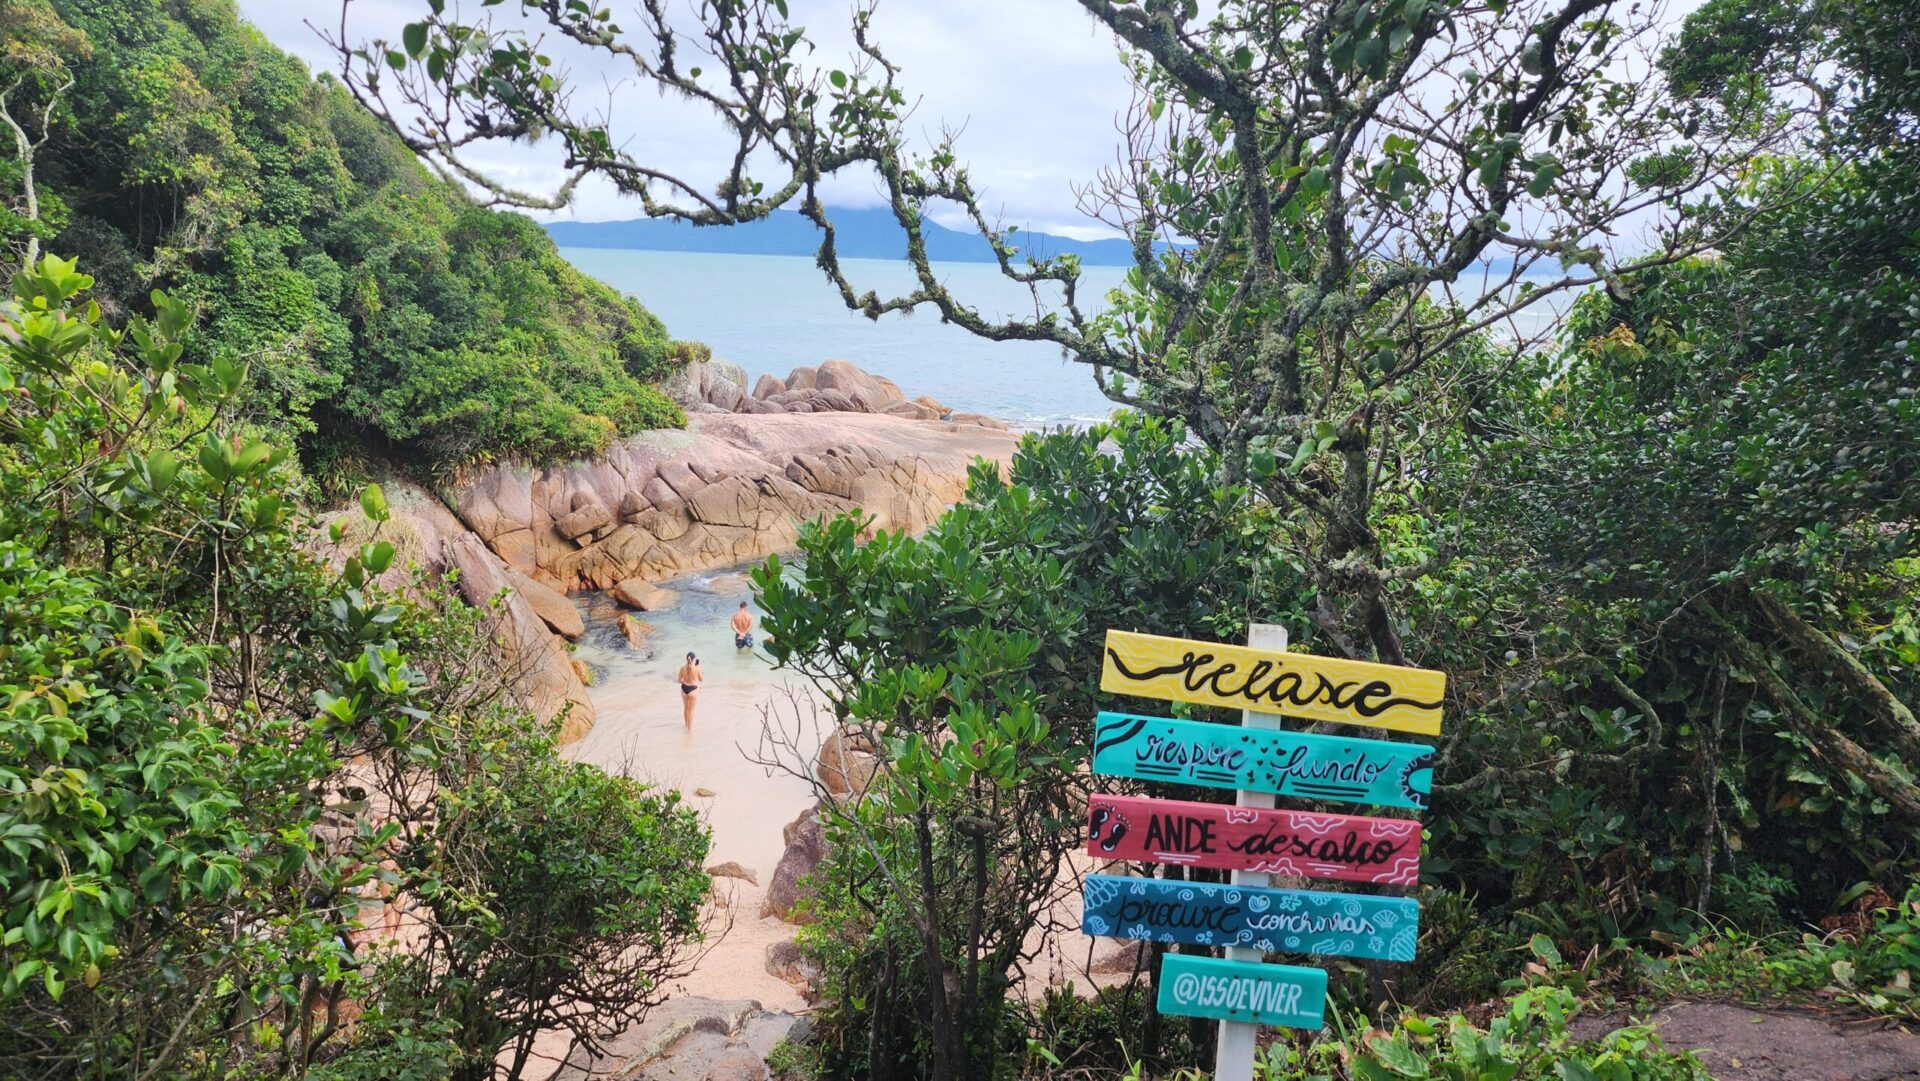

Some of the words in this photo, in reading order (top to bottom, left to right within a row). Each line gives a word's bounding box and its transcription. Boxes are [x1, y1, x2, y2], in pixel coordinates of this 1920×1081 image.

[1181, 651, 1396, 718] relaxe
[1136, 734, 1249, 777] respire
[1270, 745, 1396, 791] fundo
[1144, 813, 1217, 854] ANDE
[1226, 819, 1410, 872] descalço
[1105, 894, 1242, 935] procure
[1246, 911, 1375, 935] conchinhas

> **Required action**: Could you copy out every record exactly, minus the pictures?

> **Solved problem**:
Some of the words in this photo, in reading order (top to bottom, left to right within a row). Each line gives a word's bounding box and its transcription. Boxes are [x1, y1, x2, y2], in pixel coordinates of this 1920×1081 image.

[1181, 651, 1396, 718] relaxe
[1136, 734, 1249, 777] respire
[1270, 745, 1396, 791] fundo
[1144, 813, 1217, 854] ANDE
[1226, 819, 1410, 872] descalço
[1105, 894, 1242, 935] procure
[1246, 911, 1375, 935] conchinhas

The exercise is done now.